As consumers, we already rely upon LED lights in our cell phones and HDTVs. The barrier to the widespread use of efficient LEDs for lighting has been the high upfront cost of LED fixtures and bulbs. But now advancements in technology are dramatically lowering prices, so much so that a sub $10 LED bulb, which delivers brilliant, high quality light for more than a decade could soon be a reality.

LED lighting is already cost effective – extremely so – for businesses and municipalities.

The City of Los Angeles is saving $5.3 million annually thanks to the Green LA initiative that has thus far replaced 114,000 high-pressure sodium street lights with LED lighting, the nation’s largest such project. Once completed, Los Angeles anticipates LED lighting will save taxpayers $10-million-a-year, nearly two-thirds of what the city had been paying for lighting its streets.

Sheetz, the convenience store and gas station chain, ranked 61st on Forbes Magazine’s List of America’s Largest Private Companies, has installed LED interior and exterior lighting at more than 130 of its locations across six states. The energy savings: 45 percent on interior lighting, and as much as 55 percent on exterior lighting that illuminates Sheetz’s gas pumps.
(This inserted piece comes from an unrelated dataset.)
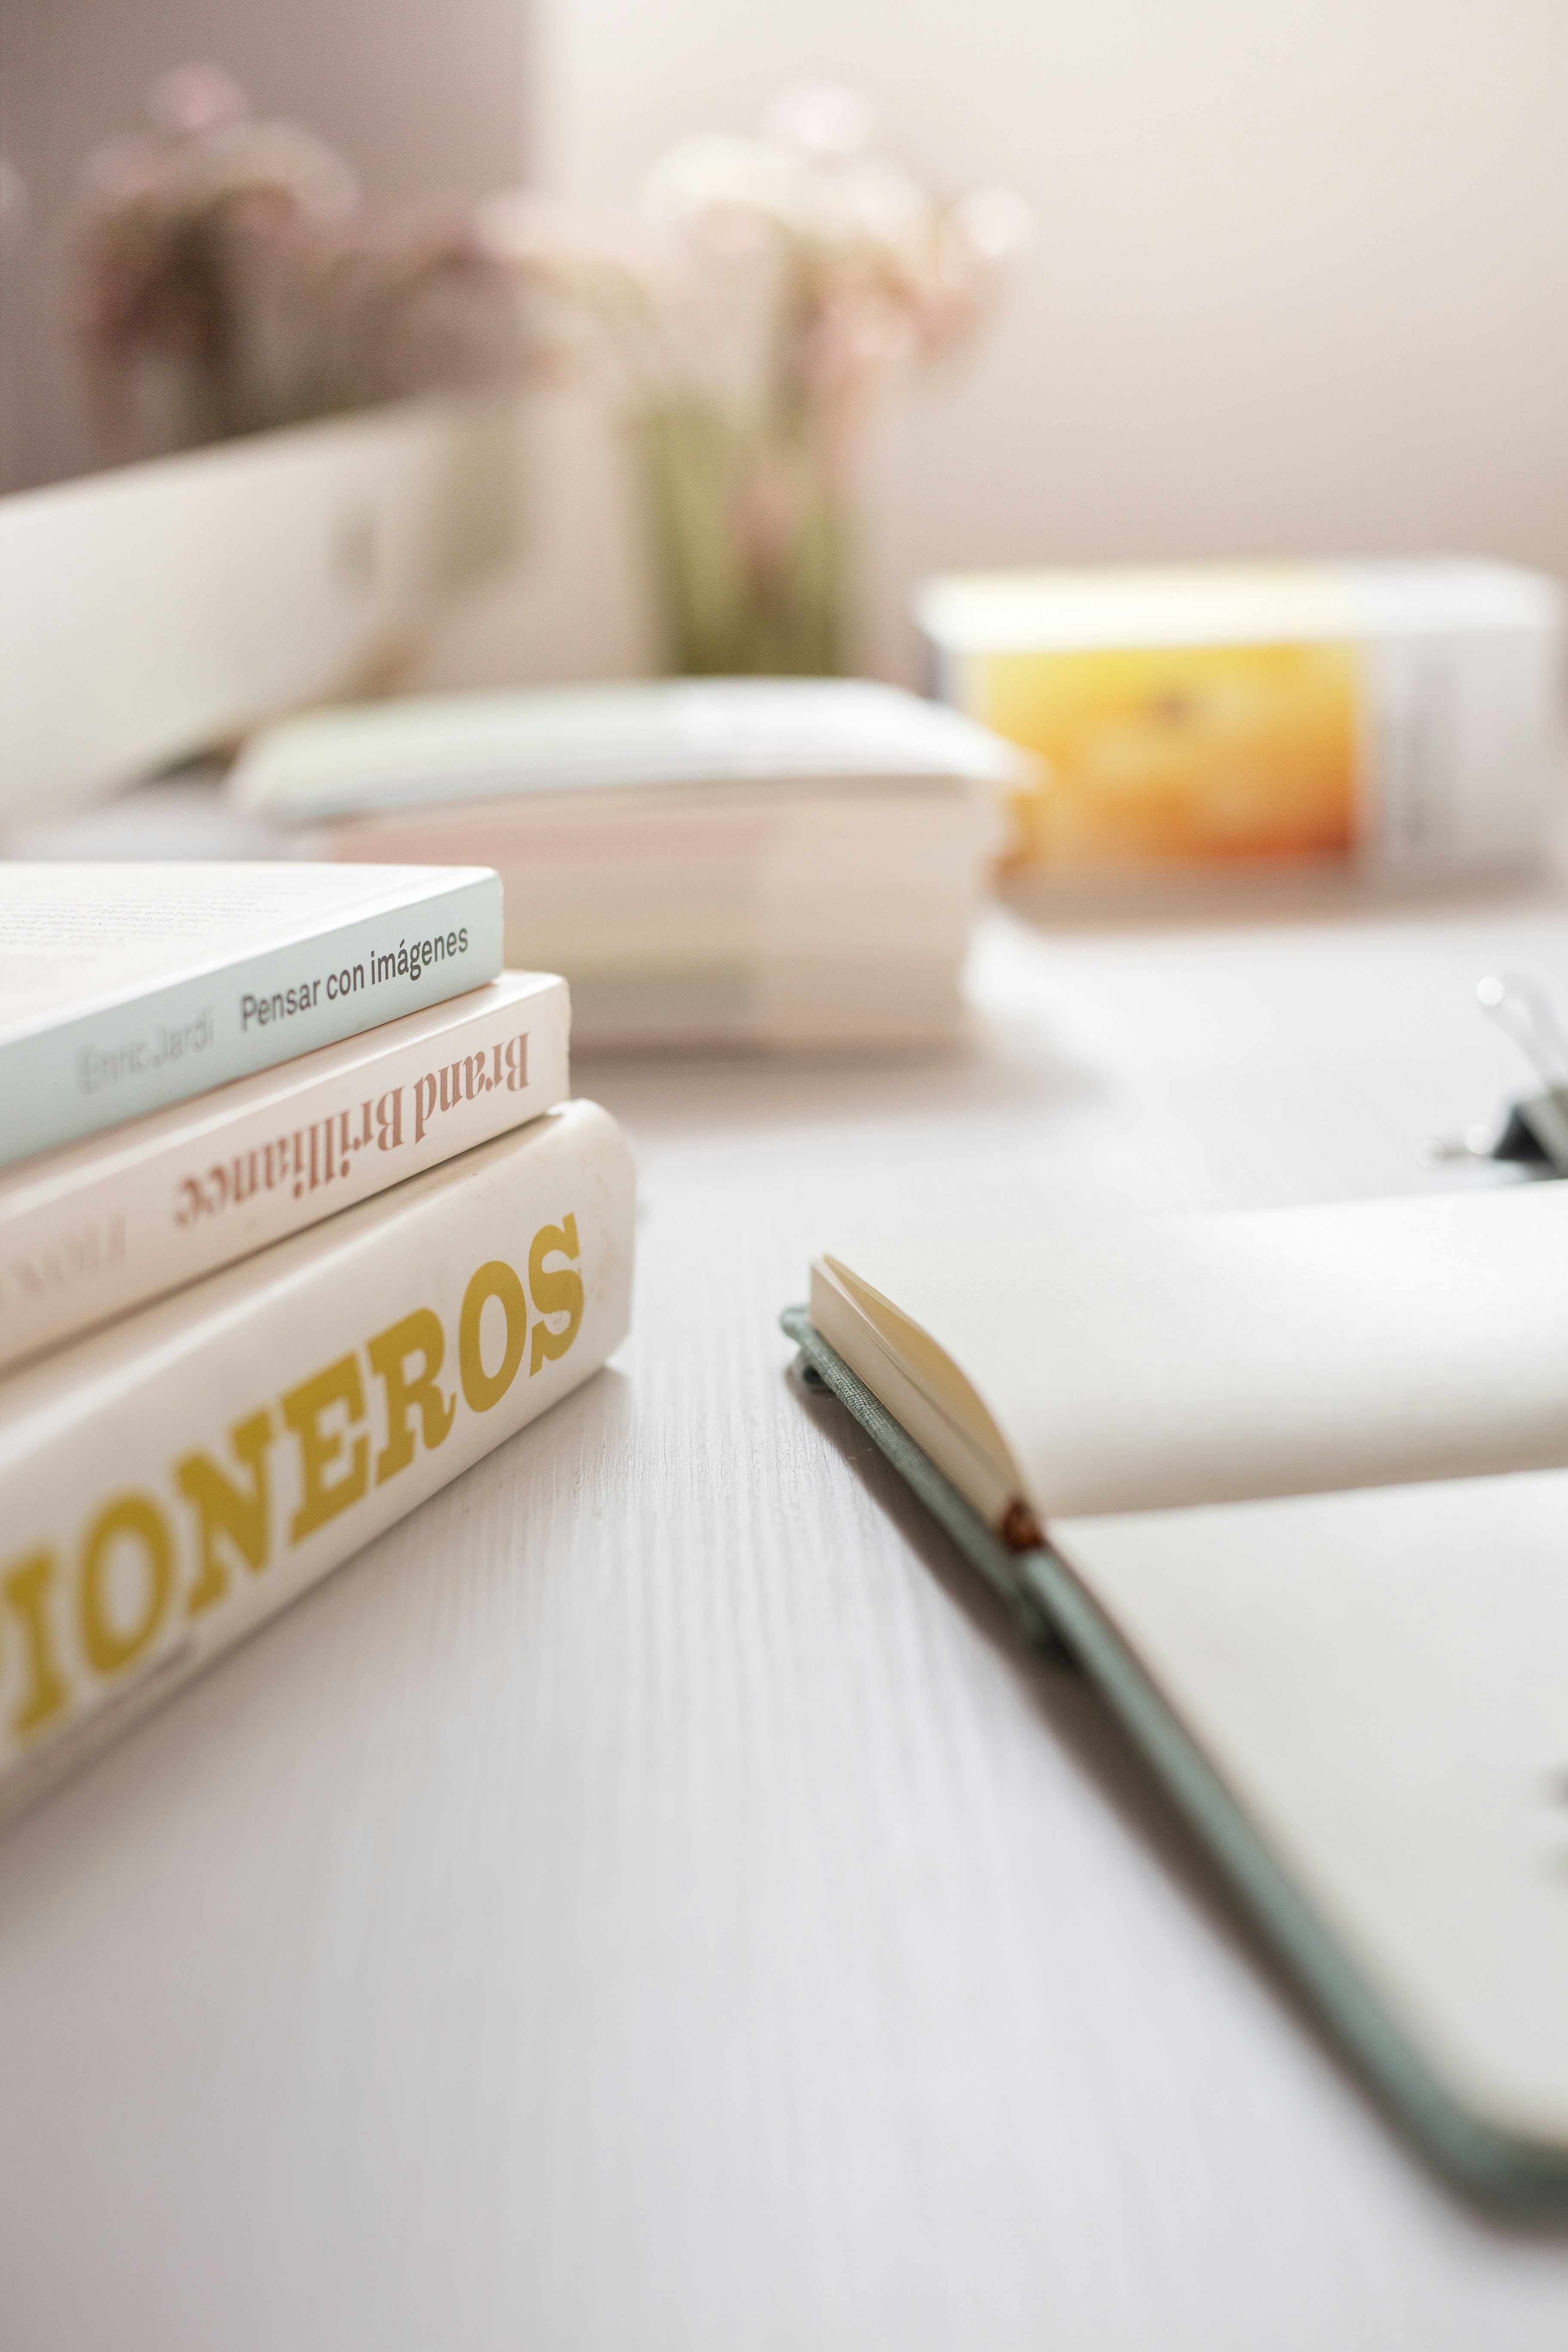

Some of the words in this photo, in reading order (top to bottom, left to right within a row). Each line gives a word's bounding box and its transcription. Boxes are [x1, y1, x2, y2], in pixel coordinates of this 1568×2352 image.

As expenses drop, LED lighting is helping boost top-line growth, according to Sheetz, which reports customers find the brighter facilities more visually appealing and perceive them as safer.

Such examples explain why LEDs accounted for 8 percent of the U.S. lighting market in 2012, according to McKinsey & Co., primarily in street lighting, retail and office environments.

Now it’s the consumer’s turn.

Fundamental advances in LED semiconductor technology, optics, and lighting system design now enable LED lights to break century old cost and performance barriers that have prevented consumers from realizing the savings businesses and municipalities already enjoy. While a typical incandescent bulb uses 60 watts of power to generate light, the current state of LED technology can produce the same light for less than 10 watts. A better, more efficient product means less expensive light. To a consumer, this means saving money – significant amounts of money.

As the cost factor shrinks, adoption of LED lighting climbs. The industry’s current rate of cost reduction could result in a doubling of LED lighting adoption over the next year. The shorter the payback on the upfront expenditure, the more likely consumers will choose LED lighting. We’ve already seen this trend in commercial lighting markets. As we approach price parity with traditional lighting, any remaining barriers for commercial and consumer adoption should continue to diminish, and we believe the rate of adoption will accelerate.

Not only does this trend result in better lighting that saves Americans money and time (imagine not changing a bulb for more than a decade), but it will also eliminate a tremendous amount of physical waste. According to IMS Research, collectively, 5.6 billion bulbs light American households and businesses, including 4.2 billion incandescent bulbs and about 1 billion compact fluorescent (CFL) bulbs that contain toxic mercury. More than 1 billion new bulbs are purchased every year.

The President’s own U.S. Department of Energy predicts the switch to LED lighting over the next two decades could save $250 billion in energy costs. There’s no need to wait.